(Free-text object descriptions)
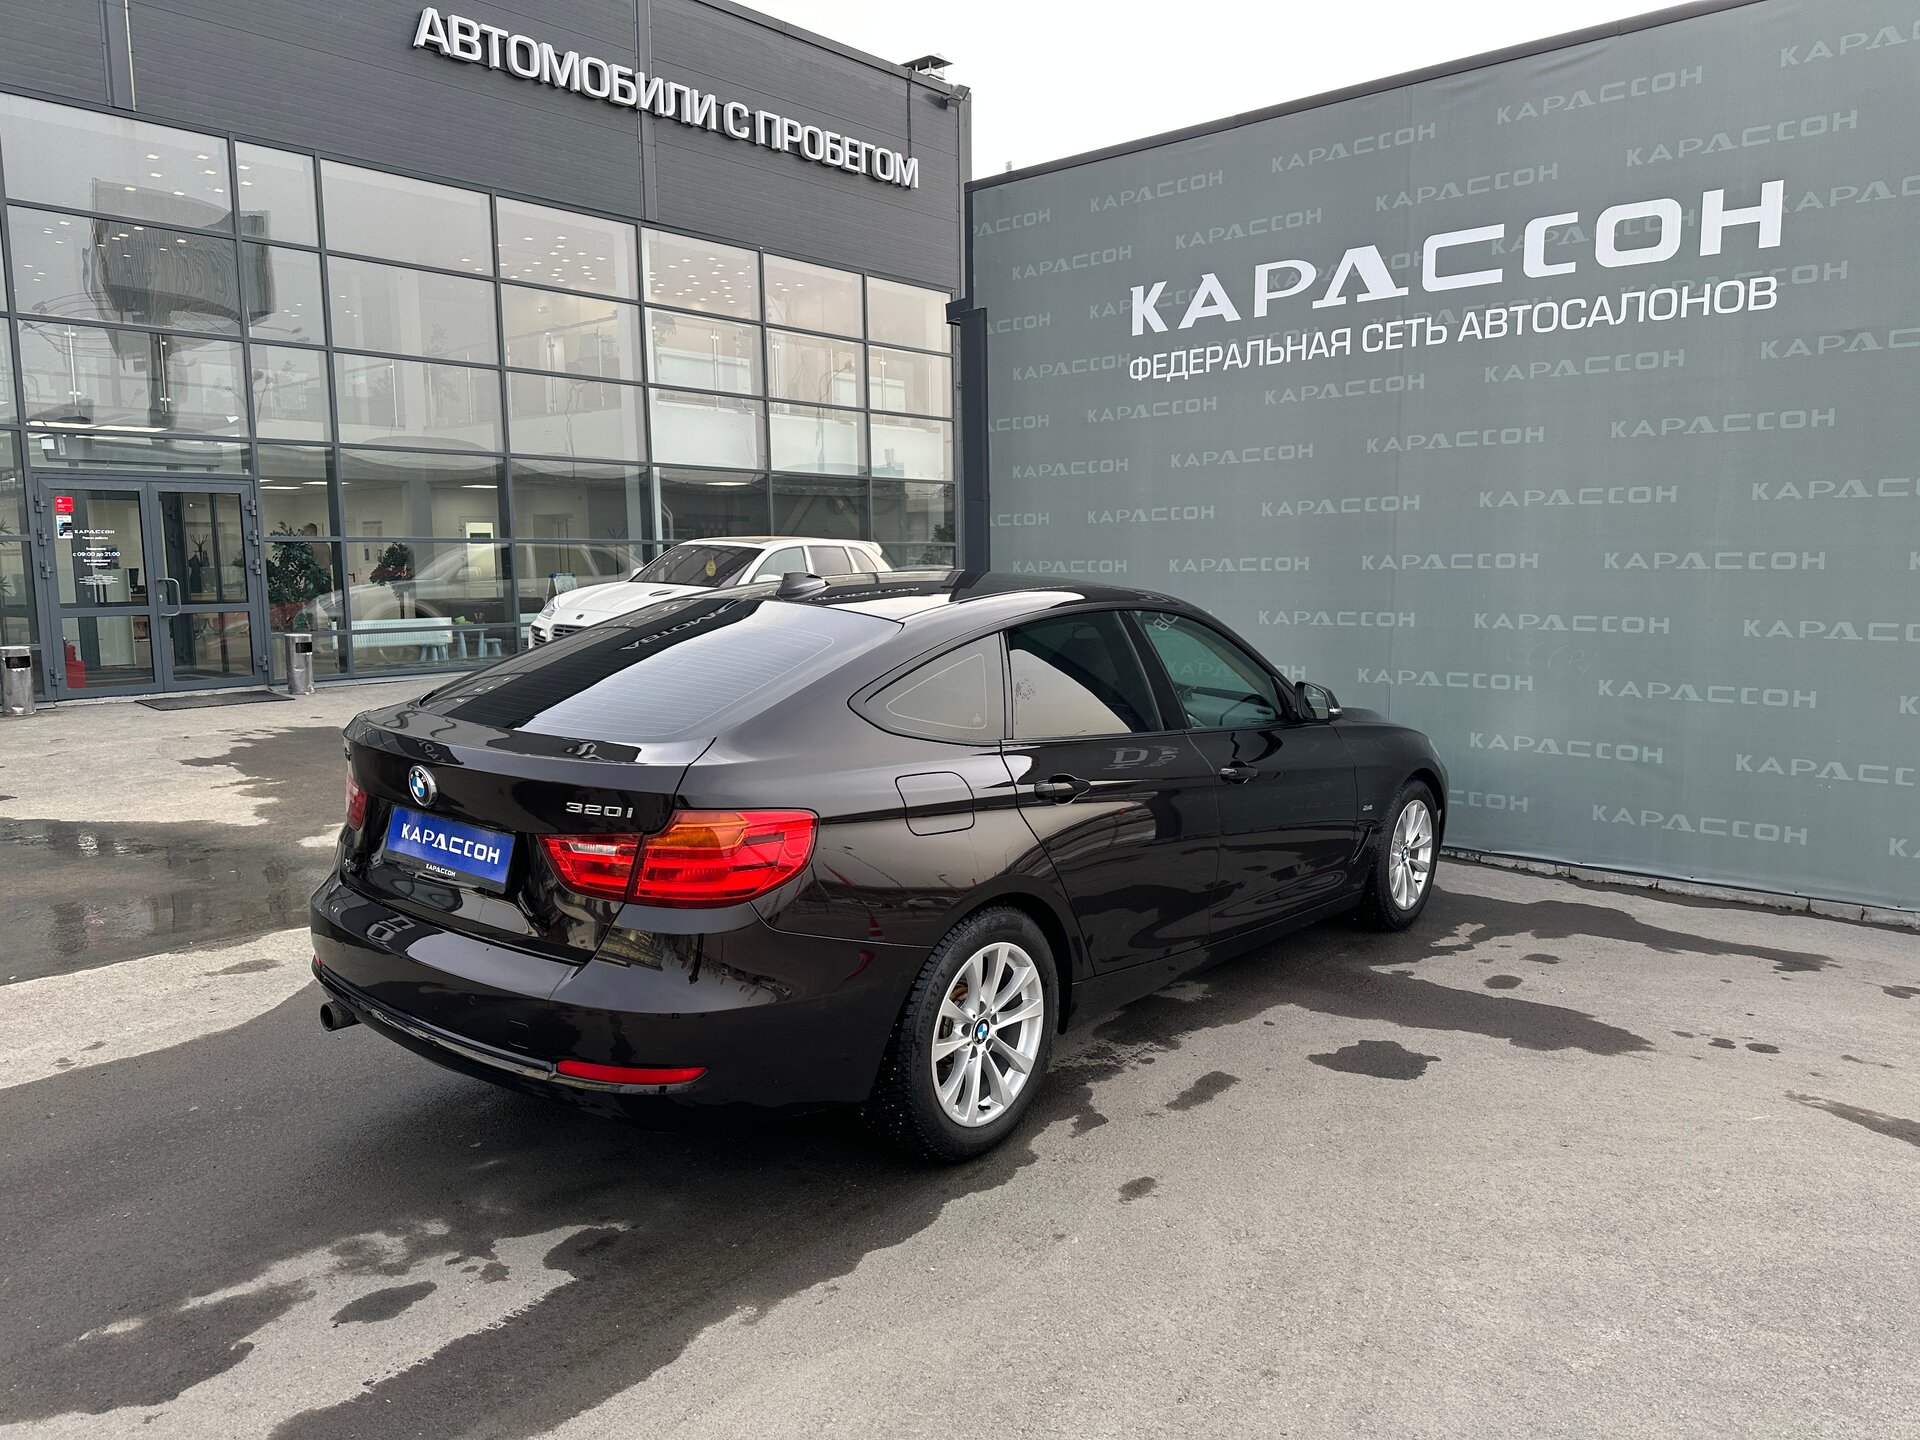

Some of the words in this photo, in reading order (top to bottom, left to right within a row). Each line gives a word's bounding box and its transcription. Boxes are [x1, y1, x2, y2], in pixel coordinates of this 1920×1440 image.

[1779, 20, 1920, 68] КАРА
[415, 7, 718, 132] АВТОМОБИЛИ
[723, 102, 750, 138] С
[755, 110, 919, 189] ПРОБЕГОМ
[1130, 180, 1784, 337] КАРАССОН
[1129, 328, 1351, 382] ФЕДЕРАЛЬНАЯ
[1362, 316, 1448, 353] СЕТЬ
[1458, 276, 1778, 342] АВТОСАЛОНОВ
[1751, 477, 1920, 502] КАРАС
[400, 822, 500, 865] КАРАССОН

### What this task involves
A faithful copy is needed: reproduce all of the data above, leaving the pictures out.

### Solution below
Some of the words in this photo, in reading order (top to bottom, left to right within a row). Each line gives a word's bounding box and its transcription. Boxes are [x1, y1, x2, y2], in pixel coordinates of this 1920×1440 image.

[1779, 20, 1920, 68] КАРА
[415, 7, 718, 132] АВТОМОБИЛИ
[723, 102, 750, 138] С
[755, 110, 919, 189] ПРОБЕГОМ
[1130, 180, 1784, 337] КАРАССОН
[1129, 328, 1351, 382] ФЕДЕРАЛЬНАЯ
[1362, 316, 1448, 353] СЕТЬ
[1458, 276, 1778, 342] АВТОСАЛОНОВ
[1751, 477, 1920, 502] КАРАС
[400, 822, 500, 865] КАРАССОН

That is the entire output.